Si sollevò sui gomiti e guardò Roy negli occhi: «É come se avessimo sempre saputo del suo arrivo, non trovi? Come se l'avessimo aspettata per tutto questo tempo. C'è qualcosa di magico qui, c'è sempre stato. Ma ora che siamo legati a lei, sento che...è quasi come se...»

«É come scoprire che esistono risposte impossibili a domande che ci sfuggono.»

Non avrebbe potuto elaborare ciò che aveva detto. Non lo aveva attraversato nessun ragionamento. Gli era venuto dal profondo, da un intuito che gli eventi degli ultimi mesi dovevano aver attivato. Rhodina diede segno di aver capito e lui le credette.

Rhodina tirò su col naso infreddolito:

«Forse non sono riuscita a trasmetterle abbastanza fiducia. Dici che ho fatto un casino?»

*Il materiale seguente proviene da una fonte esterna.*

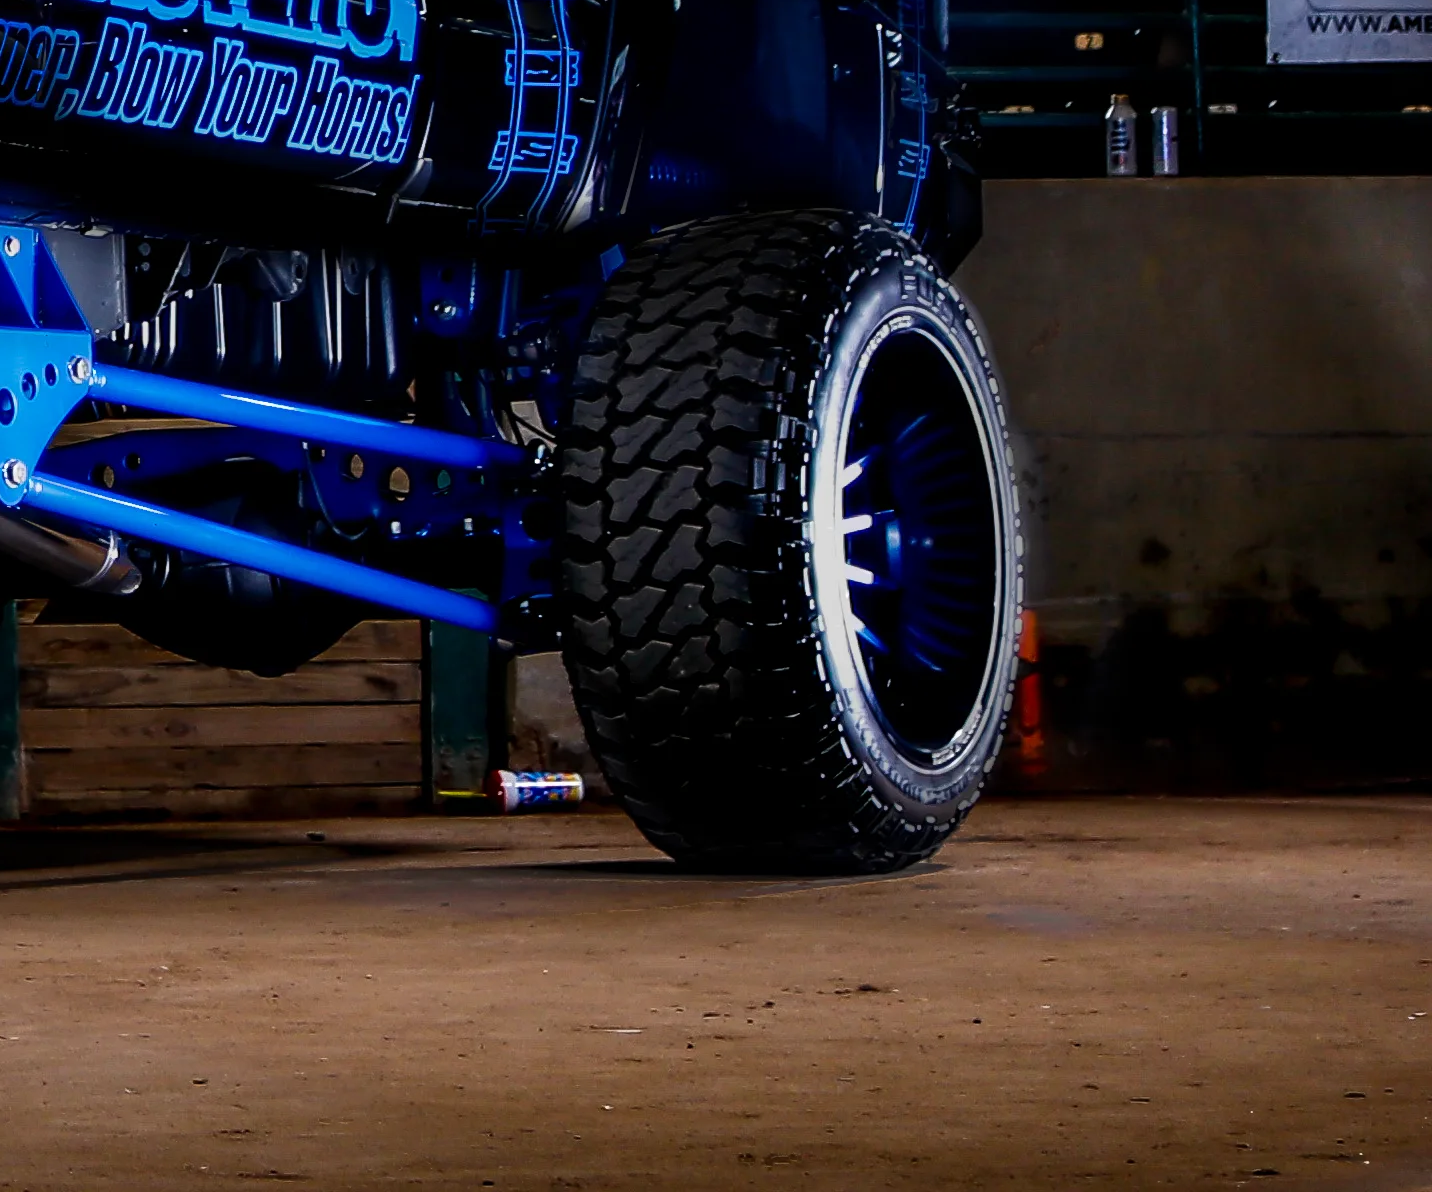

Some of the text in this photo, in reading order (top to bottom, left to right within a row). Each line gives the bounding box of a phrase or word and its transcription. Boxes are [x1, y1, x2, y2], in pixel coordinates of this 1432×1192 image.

[77, 16, 204, 130] Blow
[194, 36, 298, 144] Your
[287, 54, 422, 165] Horns!
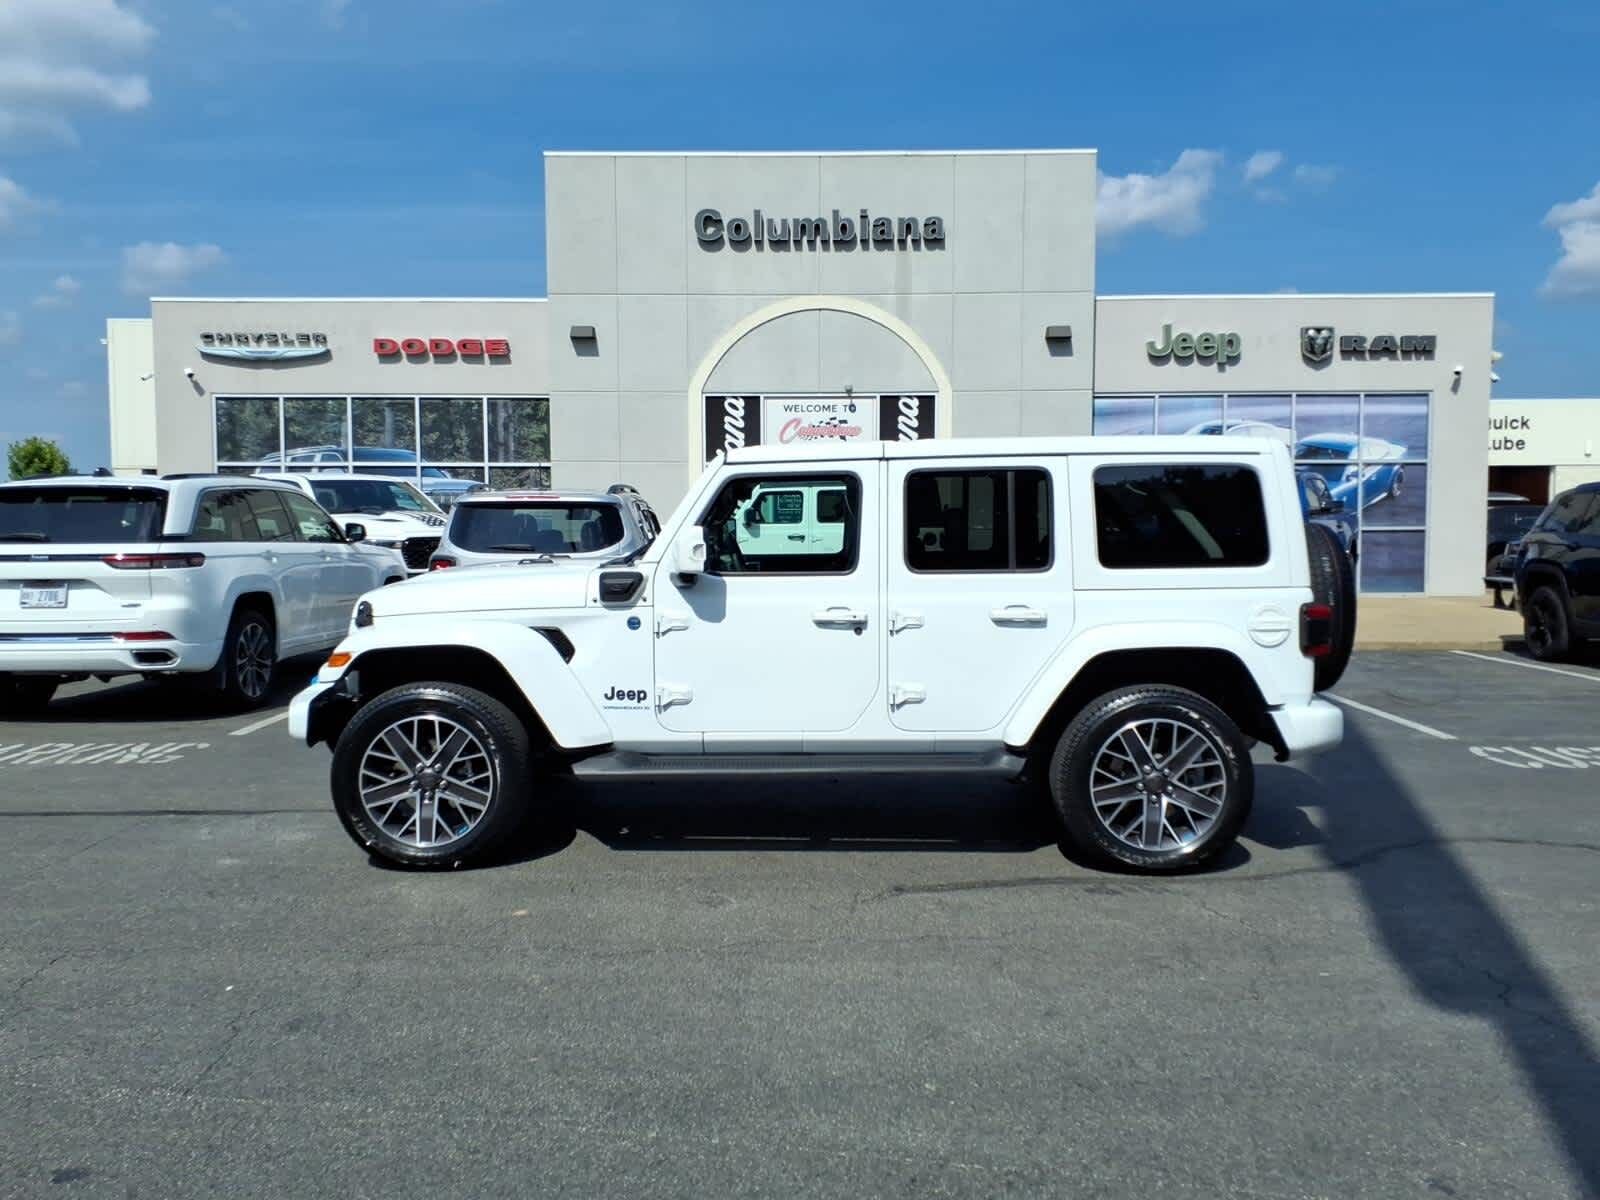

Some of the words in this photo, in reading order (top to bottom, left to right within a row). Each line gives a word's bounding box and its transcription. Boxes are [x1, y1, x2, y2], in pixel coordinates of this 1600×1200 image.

[694, 208, 945, 243] Columbiana
[199, 331, 328, 346] CHRYSLER
[373, 338, 510, 357] DODGE
[1145, 323, 1242, 364] Jeep
[1339, 335, 1437, 354] RAM
[783, 404, 837, 413] WELCOME
[843, 403, 857, 413] TO
[1488, 415, 1531, 430] uick
[1488, 436, 1526, 450] ube
[603, 685, 648, 704] Jeep

«Non hai fatto un casino. Siamo d'accordo: qualcosa non va in quella casa e non possiamo più lasciar correre. Ha bisogno di noi, anche se dice il contrario. Dobbiamo fare squadra.»

«Cosa possiamo fare?»

«La chiamiamo e le diciamo che può contare su di noi.»

«Ma se a malapena ci risponde...»

«C'è un solo modo, allora. Andrò a parlarle di persona.»

Allontanò con una manata le scarpe di Rhodina e si alzò in piedi.

«O-ora?» si agitò lei. «Ma io non posso venire, devo fare i compiti!»

«Ti chiamerò io. O lo farà lei. Ti faremo sapere, insomma.»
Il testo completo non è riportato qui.